| TASK TO CARRY OUT |
Copy only this range: the line with "this 2500×1360 image." through the final line of the material, inclusive at both ends.
=======
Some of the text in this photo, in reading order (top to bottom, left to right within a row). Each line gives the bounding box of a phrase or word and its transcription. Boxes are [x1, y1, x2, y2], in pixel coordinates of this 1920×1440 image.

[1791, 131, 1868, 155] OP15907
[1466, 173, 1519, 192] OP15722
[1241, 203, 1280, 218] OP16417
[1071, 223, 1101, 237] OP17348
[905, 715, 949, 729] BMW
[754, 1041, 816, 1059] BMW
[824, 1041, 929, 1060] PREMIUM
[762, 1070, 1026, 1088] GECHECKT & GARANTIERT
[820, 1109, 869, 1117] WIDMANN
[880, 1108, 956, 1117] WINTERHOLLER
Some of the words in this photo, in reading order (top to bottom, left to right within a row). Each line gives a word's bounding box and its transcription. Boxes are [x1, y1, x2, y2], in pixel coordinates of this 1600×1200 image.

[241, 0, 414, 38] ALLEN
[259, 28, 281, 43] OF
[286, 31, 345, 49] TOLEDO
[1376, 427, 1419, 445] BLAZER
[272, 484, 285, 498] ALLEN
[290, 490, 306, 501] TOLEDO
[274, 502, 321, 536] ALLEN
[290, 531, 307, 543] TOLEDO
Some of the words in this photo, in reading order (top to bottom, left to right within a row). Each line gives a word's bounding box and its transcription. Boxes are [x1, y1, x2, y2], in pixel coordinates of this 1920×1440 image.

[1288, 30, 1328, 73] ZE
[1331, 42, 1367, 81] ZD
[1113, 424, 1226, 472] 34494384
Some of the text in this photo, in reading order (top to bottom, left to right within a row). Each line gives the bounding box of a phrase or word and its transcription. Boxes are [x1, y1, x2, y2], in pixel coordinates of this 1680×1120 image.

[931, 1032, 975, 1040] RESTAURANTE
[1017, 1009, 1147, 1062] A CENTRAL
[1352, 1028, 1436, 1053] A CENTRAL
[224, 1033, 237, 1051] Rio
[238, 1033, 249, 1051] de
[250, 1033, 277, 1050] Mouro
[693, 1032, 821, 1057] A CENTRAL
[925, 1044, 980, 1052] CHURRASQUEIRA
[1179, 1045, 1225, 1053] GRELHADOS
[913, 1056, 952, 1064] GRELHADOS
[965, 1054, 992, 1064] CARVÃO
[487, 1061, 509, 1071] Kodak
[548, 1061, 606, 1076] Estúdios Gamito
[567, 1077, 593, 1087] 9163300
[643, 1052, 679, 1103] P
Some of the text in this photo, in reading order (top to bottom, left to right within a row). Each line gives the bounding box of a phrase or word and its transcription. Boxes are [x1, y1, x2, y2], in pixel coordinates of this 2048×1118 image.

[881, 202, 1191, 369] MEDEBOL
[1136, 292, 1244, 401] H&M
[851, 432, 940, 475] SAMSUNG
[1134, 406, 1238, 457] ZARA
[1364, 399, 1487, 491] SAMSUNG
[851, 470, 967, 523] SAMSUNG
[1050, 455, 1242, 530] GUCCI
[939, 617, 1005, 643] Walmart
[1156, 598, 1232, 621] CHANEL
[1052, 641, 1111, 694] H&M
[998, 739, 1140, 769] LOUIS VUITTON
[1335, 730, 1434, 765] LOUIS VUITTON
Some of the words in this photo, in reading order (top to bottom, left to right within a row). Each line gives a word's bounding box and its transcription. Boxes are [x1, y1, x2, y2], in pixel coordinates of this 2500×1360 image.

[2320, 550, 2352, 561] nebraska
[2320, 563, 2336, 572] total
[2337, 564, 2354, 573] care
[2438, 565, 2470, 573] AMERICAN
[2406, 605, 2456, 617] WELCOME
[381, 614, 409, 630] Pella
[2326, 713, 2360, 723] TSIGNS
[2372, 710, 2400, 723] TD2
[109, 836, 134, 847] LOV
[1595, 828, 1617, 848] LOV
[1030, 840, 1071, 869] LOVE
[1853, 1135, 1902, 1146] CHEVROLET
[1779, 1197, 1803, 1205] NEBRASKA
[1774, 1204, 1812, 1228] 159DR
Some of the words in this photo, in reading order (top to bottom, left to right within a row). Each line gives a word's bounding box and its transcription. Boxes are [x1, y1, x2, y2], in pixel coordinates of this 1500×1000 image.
=======
| RESULT OF THE TASK |
Some of the words in this photo, in reading order (top to bottom, left to right within a row). Each line gives a word's bounding box and its transcription. Boxes are [x1, y1, x2, y2], in pixel coordinates of this 2500×1360 image.

[2320, 550, 2352, 561] nebraska
[2320, 563, 2336, 572] total
[2337, 564, 2354, 573] care
[2438, 565, 2470, 573] AMERICAN
[2406, 605, 2456, 617] WELCOME
[381, 614, 409, 630] Pella
[2326, 713, 2360, 723] TSIGNS
[2372, 710, 2400, 723] TD2
[109, 836, 134, 847] LOV
[1595, 828, 1617, 848] LOV
[1030, 840, 1071, 869] LOVE
[1853, 1135, 1902, 1146] CHEVROLET
[1779, 1197, 1803, 1205] NEBRASKA
[1774, 1204, 1812, 1228] 159DR
Some of the words in this photo, in reading order (top to bottom, left to right within a row). Each line gives a word's bounding box and its transcription. Boxes are [x1, y1, x2, y2], in pixel coordinates of this 1500×1000 image.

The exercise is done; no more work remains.